▶ [Work required] Leave the pictures out. Return all other data exactly.

▶ [Records for this task]

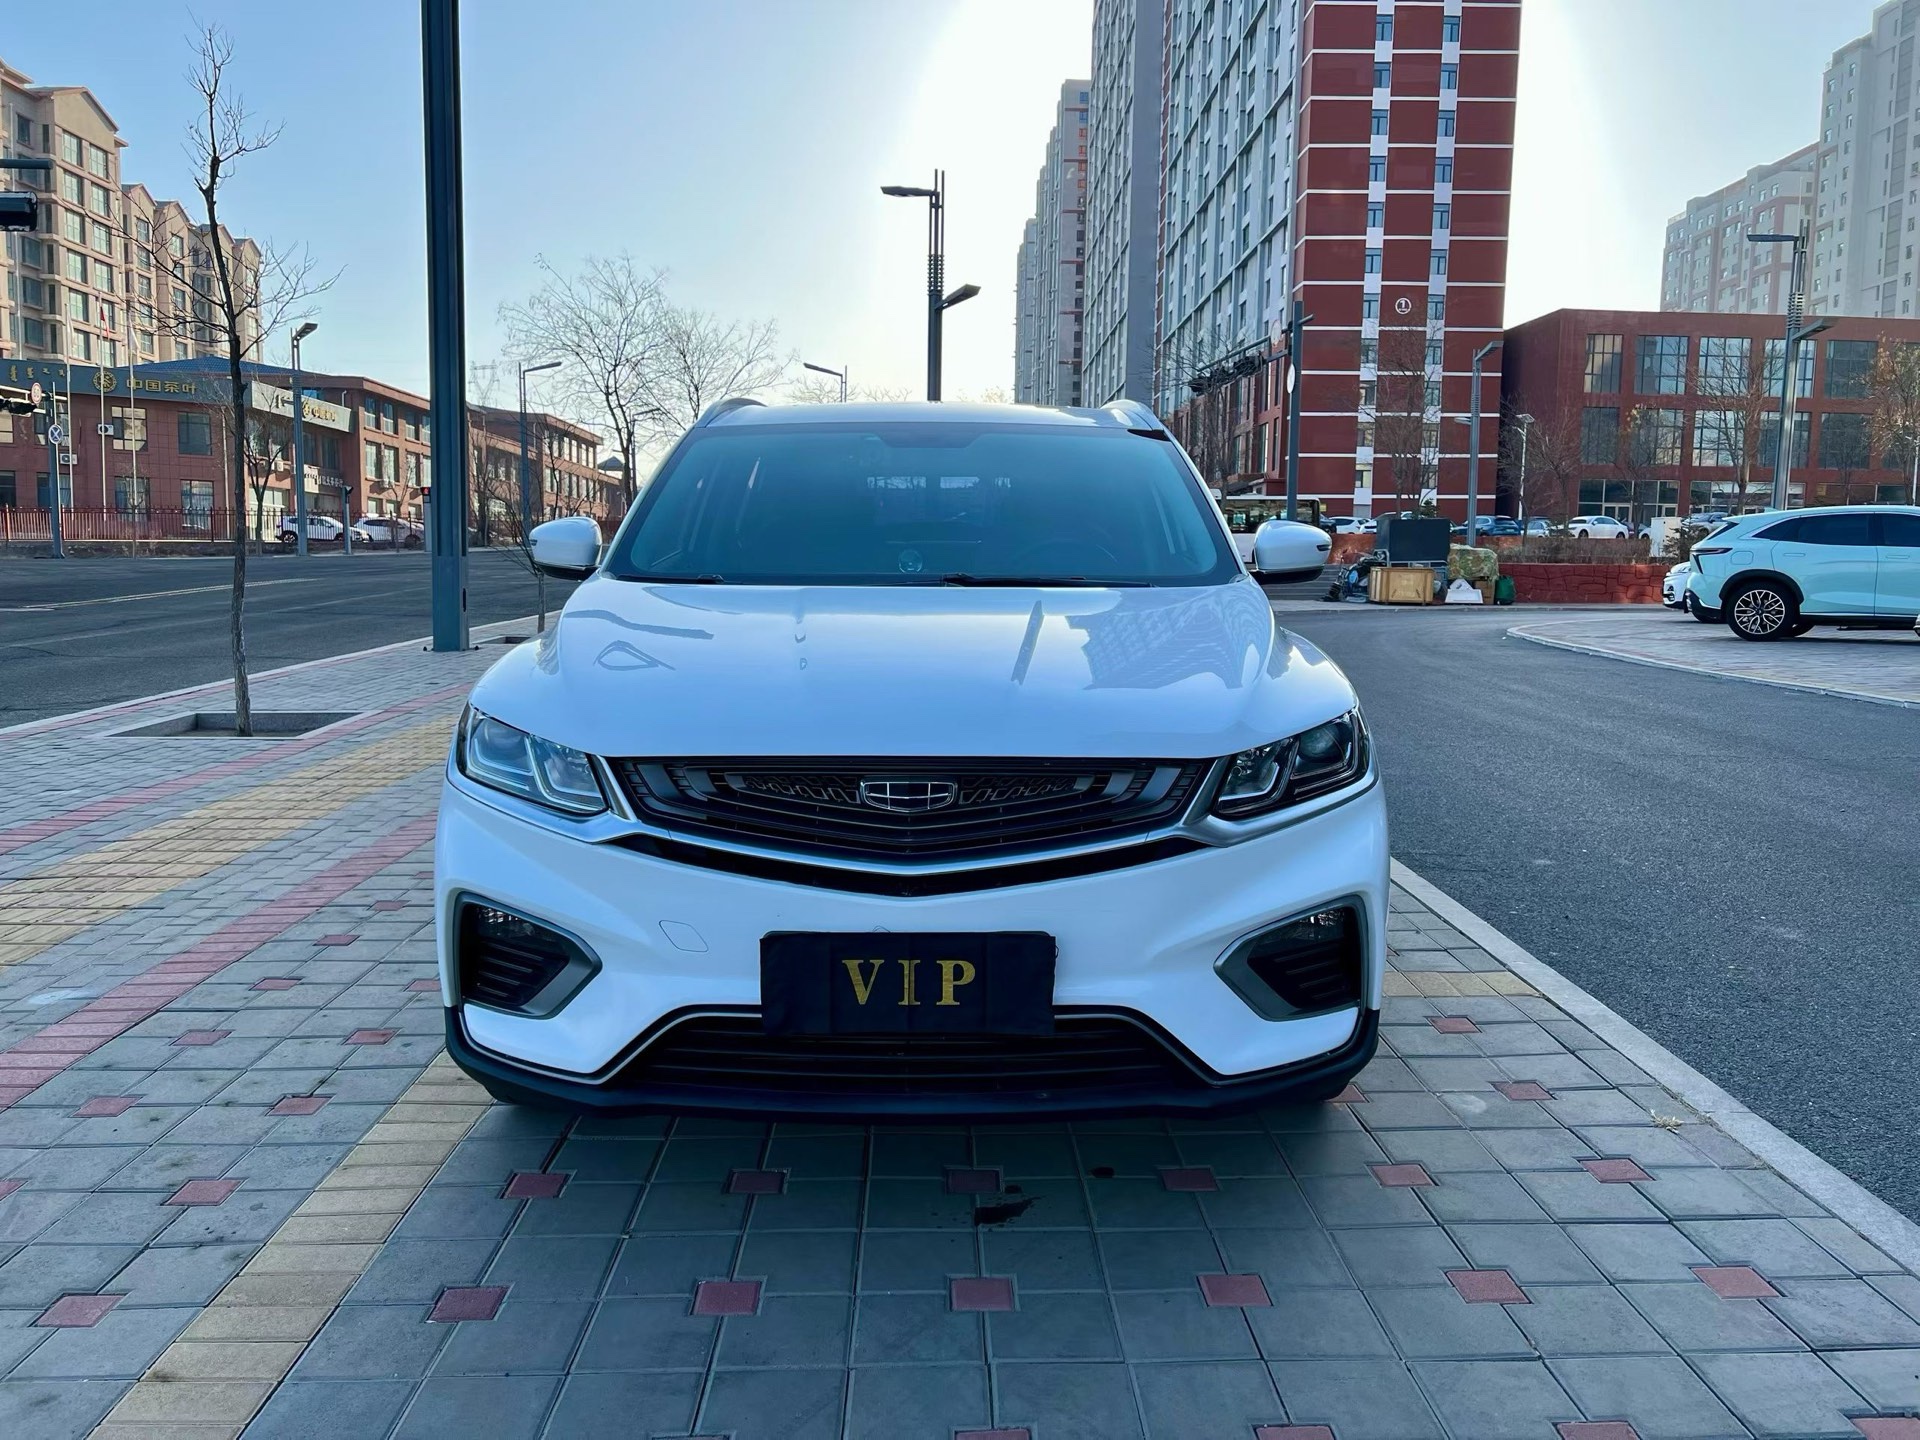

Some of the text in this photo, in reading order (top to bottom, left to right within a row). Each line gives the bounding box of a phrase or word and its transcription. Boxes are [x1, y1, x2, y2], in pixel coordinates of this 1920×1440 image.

[126, 377, 197, 395] 中国茶叶
[842, 959, 976, 1006] VIP
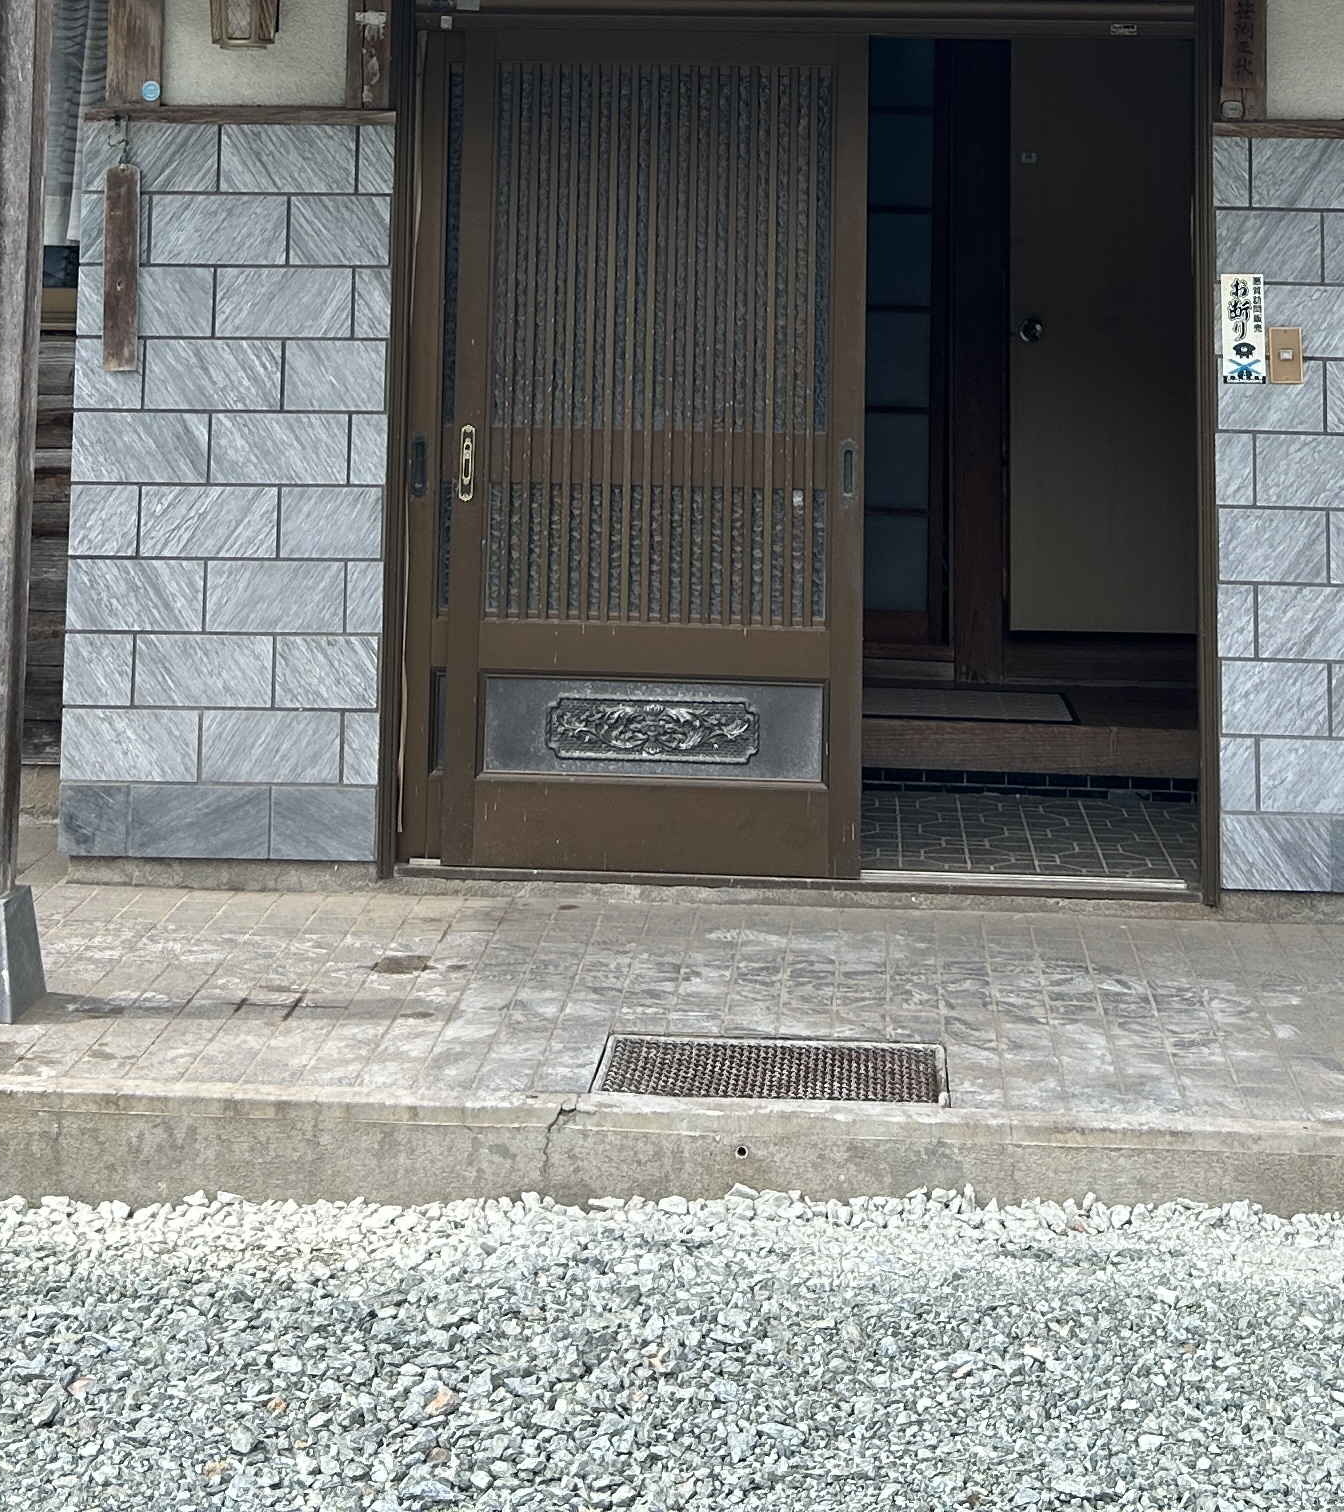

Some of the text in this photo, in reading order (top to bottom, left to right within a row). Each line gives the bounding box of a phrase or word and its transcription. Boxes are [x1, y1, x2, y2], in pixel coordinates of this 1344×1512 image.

[1228, 278, 1252, 342] お断り
[1253, 277, 1262, 333] 悪質訪問販売

▶ [Output for this task]
Some of the text in this photo, in reading order (top to bottom, left to right within a row). Each line gives the bounding box of a phrase or word and its transcription. Boxes are [x1, y1, x2, y2], in pixel coordinates of this 1920×1440 image.

[126, 377, 197, 395] 中国茶叶
[842, 959, 976, 1006] VIP

Some of the text in this photo, in reading order (top to bottom, left to right within a row). Each line gives the bounding box of a phrase or word and its transcription. Boxes are [x1, y1, x2, y2], in pixel coordinates of this 1344×1512 image.

[1228, 278, 1252, 342] お断り
[1253, 277, 1262, 333] 悪質訪問販売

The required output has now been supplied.